**Work task**
Leaving the images aside, transcribe all the data below exactly.

**Listed entries**
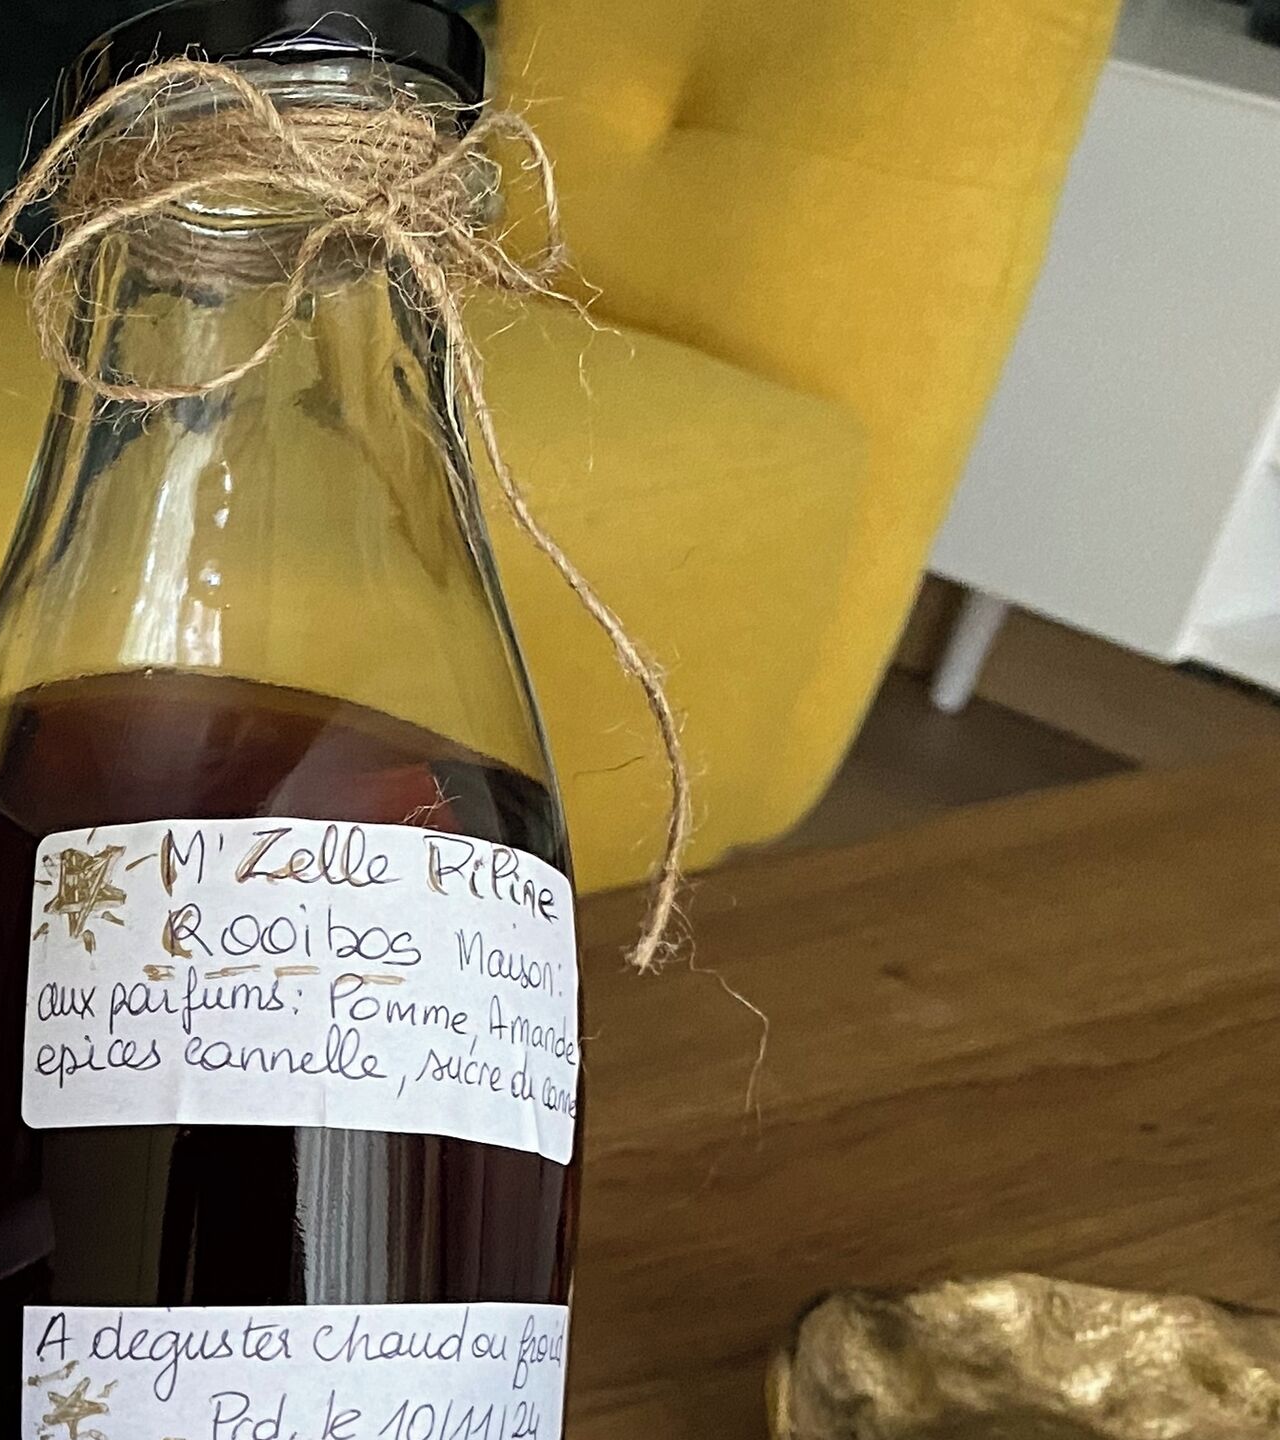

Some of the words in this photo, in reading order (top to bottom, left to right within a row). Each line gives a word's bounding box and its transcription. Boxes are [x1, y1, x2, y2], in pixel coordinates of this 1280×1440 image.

[160, 824, 402, 896] M'Zelle
[162, 903, 422, 965] Rooibos
[37, 982, 96, 1021] aux
[415, 1049, 505, 1091] sucre
[37, 1312, 73, 1360] A
[472, 1333, 506, 1360] ou
[322, 1390, 361, 1440] le
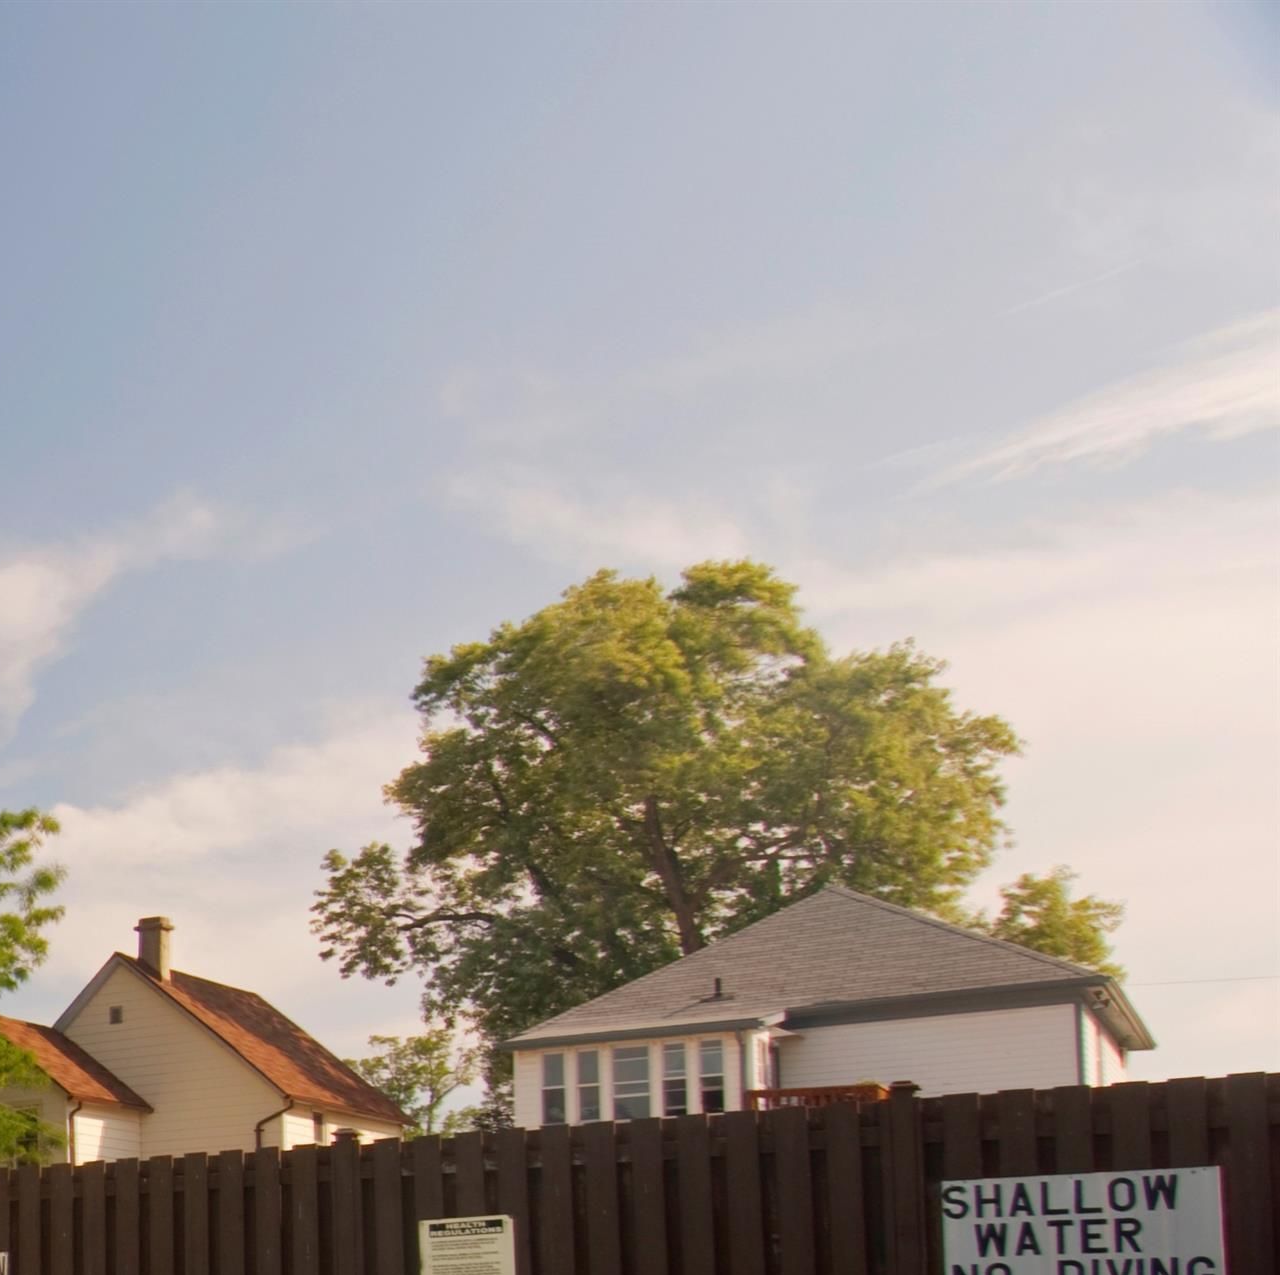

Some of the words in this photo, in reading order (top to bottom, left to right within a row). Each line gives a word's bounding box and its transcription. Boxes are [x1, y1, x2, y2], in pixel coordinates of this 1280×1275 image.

[942, 1174, 1178, 1219] SHALLOW
[430, 1226, 502, 1237] REGULATIONS
[445, 1221, 487, 1230] HEALTH
[974, 1218, 1143, 1257] WATER
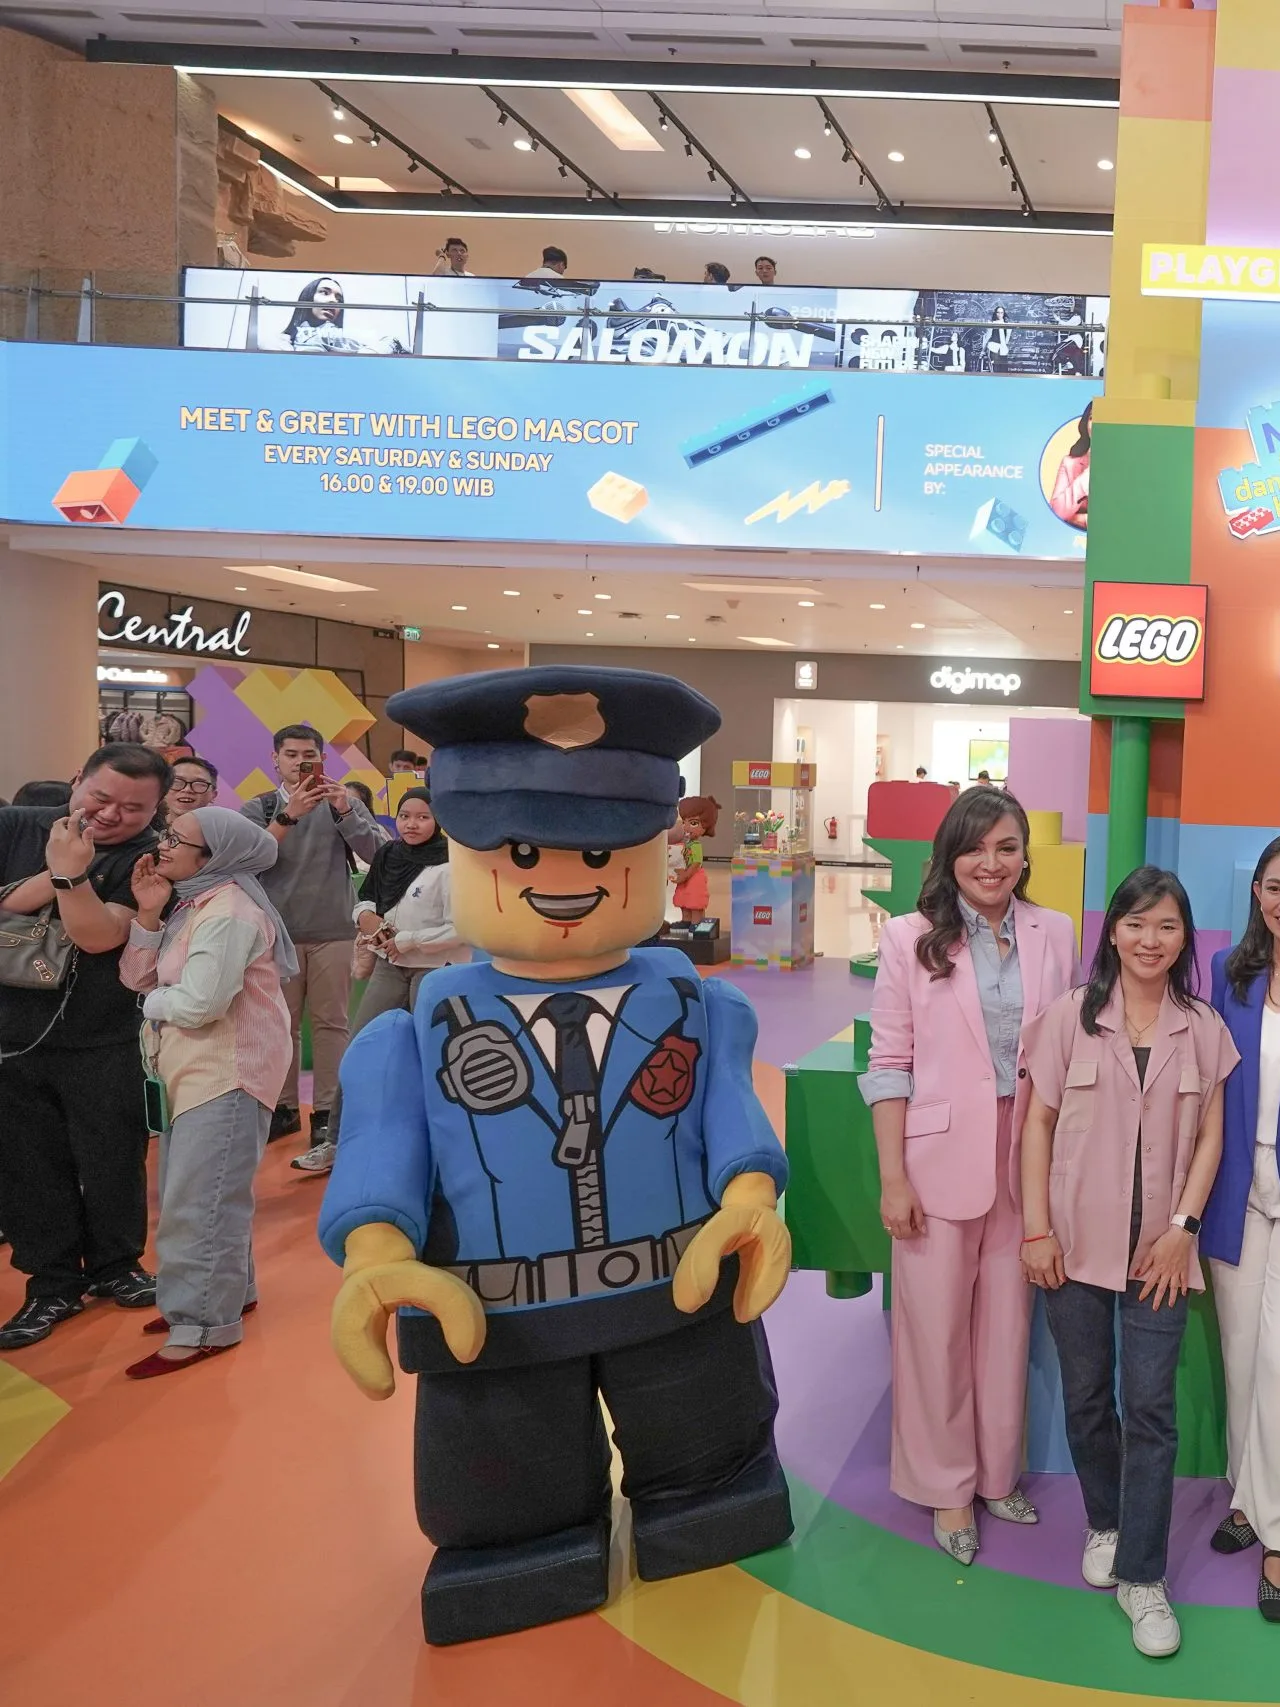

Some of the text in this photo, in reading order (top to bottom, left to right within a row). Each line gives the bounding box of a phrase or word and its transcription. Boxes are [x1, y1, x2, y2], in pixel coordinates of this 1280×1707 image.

**Exercise result**
Some of the words in this photo, in reading order (top to bottom, left to right within a row). Each line gives a word's bounding box and its transcription. Boxes are [x1, y1, x2, y2], in pixel coordinates of this 1280×1440 image.

[160, 824, 402, 896] M'Zelle
[162, 903, 422, 965] Rooibos
[37, 982, 96, 1021] aux
[415, 1049, 505, 1091] sucre
[37, 1312, 73, 1360] A
[472, 1333, 506, 1360] ou
[322, 1390, 361, 1440] le

Some of the words in this photo, in reading order (top to bottom, left to right within a row). Each line gives a word's bounding box and its transcription. Boxes are [x1, y1, x2, y2], in pixel coordinates of this 1280×1275 image.

[942, 1174, 1178, 1219] SHALLOW
[430, 1226, 502, 1237] REGULATIONS
[445, 1221, 487, 1230] HEALTH
[974, 1218, 1143, 1257] WATER

Some of the text in this photo, in reading order (top to bottom, left to right within a row). Each line gives the bounding box of a phrase or word and its transcription. Boxes are [x1, y1, x2, y2], in pixel coordinates of this 1280×1707 image.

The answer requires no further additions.